## Problem details
Without including any pictures, reproduce all the lines below word for word.

## Input material
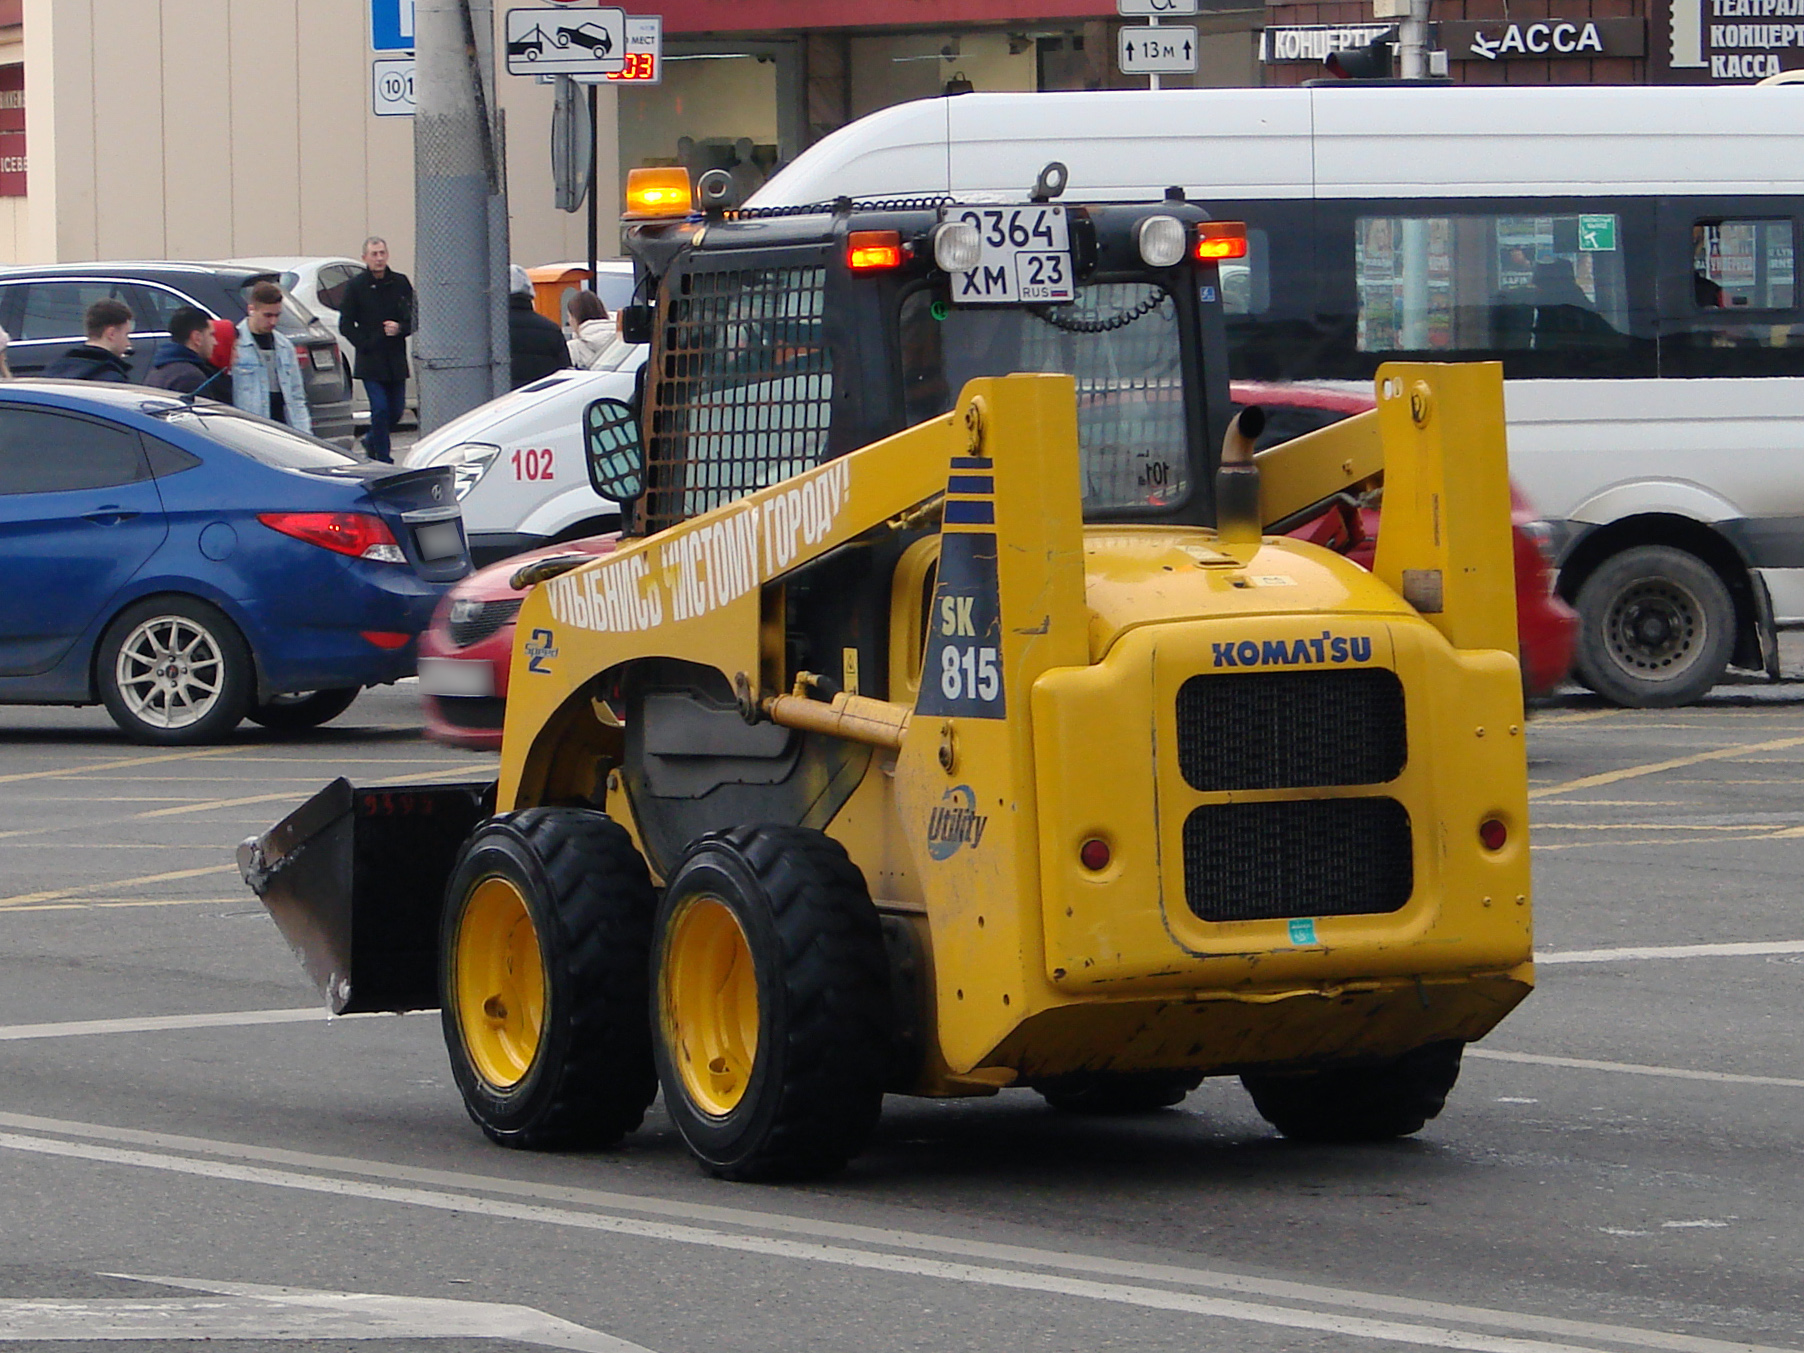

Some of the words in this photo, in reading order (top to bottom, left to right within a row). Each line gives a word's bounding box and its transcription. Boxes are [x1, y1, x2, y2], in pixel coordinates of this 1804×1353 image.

[631, 36, 655, 45] МЕСТ
[1470, 22, 1603, 60] КАССА
[607, 53, 653, 79] 03
[1710, 54, 1781, 78] КАССА
[385, 79, 400, 94] 10
[962, 266, 1008, 295] ХМ
[1028, 255, 1063, 285] 23
[1022, 287, 1050, 298] RUS
[511, 448, 554, 481] 102
[661, 506, 759, 621] ЧИСТОМУ
[763, 458, 850, 576] ГОРОДУ!
[941, 595, 976, 637] SK
[528, 628, 554, 674] 2
[1211, 631, 1371, 667] KOMATSU
[941, 644, 999, 701] 815
[928, 807, 988, 849] Utility

## Your response
Some of the words in this photo, in reading order (top to bottom, left to right within a row). Each line gives a word's bounding box and its transcription. Boxes are [x1, y1, x2, y2], in pixel coordinates of this 1804×1353 image.

[631, 36, 655, 45] МЕСТ
[1470, 22, 1603, 60] КАССА
[607, 53, 653, 79] 03
[1710, 54, 1781, 78] КАССА
[385, 79, 400, 94] 10
[962, 266, 1008, 295] ХМ
[1028, 255, 1063, 285] 23
[1022, 287, 1050, 298] RUS
[511, 448, 554, 481] 102
[661, 506, 759, 621] ЧИСТОМУ
[763, 458, 850, 576] ГОРОДУ!
[941, 595, 976, 637] SK
[528, 628, 554, 674] 2
[1211, 631, 1371, 667] KOMATSU
[941, 644, 999, 701] 815
[928, 807, 988, 849] Utility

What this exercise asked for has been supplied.